* _TASK GOAL_: Print every entry word for word, but omit the pictures.

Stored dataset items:
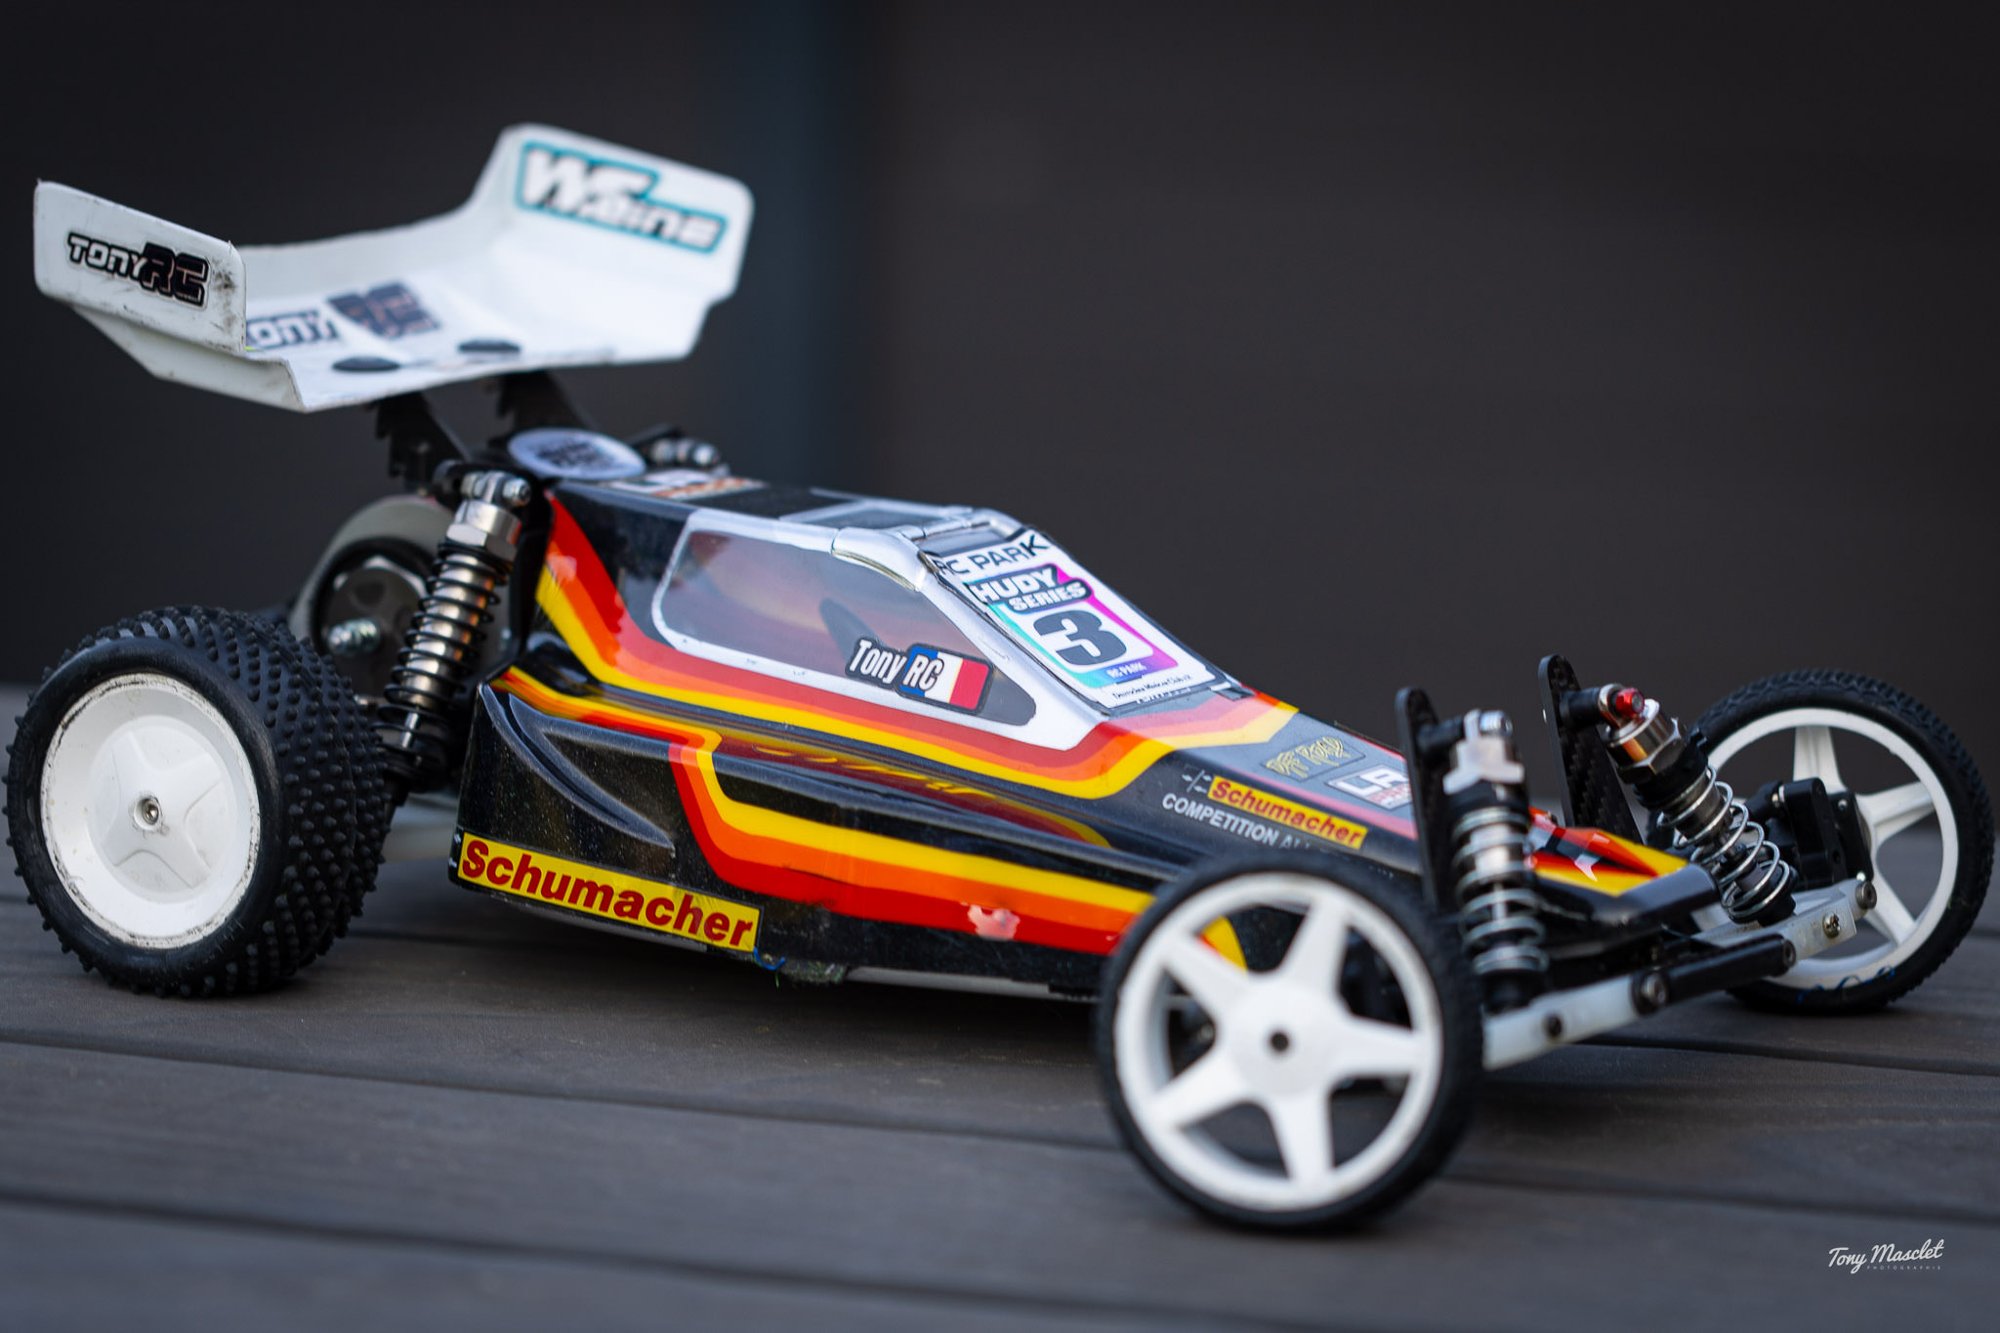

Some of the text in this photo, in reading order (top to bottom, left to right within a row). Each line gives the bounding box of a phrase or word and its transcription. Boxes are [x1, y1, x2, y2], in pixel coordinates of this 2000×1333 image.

[968, 534, 1050, 569] PARK
[970, 567, 1057, 603] HUDY
[1009, 581, 1087, 611] SERIES
[1033, 610, 1127, 666] 3
[850, 639, 945, 691] Tony RC
[1161, 793, 1279, 847] COMPETITION
[1211, 779, 1363, 847] Schumacher
[462, 839, 753, 946] Schumacher

* _ANSWER TO THIS PROBLEM_:
Some of the text in this photo, in reading order (top to bottom, left to right within a row). Each line gives the bounding box of a phrase or word and its transcription. Boxes are [x1, y1, x2, y2], in pixel coordinates of this 2000×1333 image.

[968, 534, 1050, 569] PARK
[970, 567, 1057, 603] HUDY
[1009, 581, 1087, 611] SERIES
[1033, 610, 1127, 666] 3
[850, 639, 945, 691] Tony RC
[1161, 793, 1279, 847] COMPETITION
[1211, 779, 1363, 847] Schumacher
[462, 839, 753, 946] Schumacher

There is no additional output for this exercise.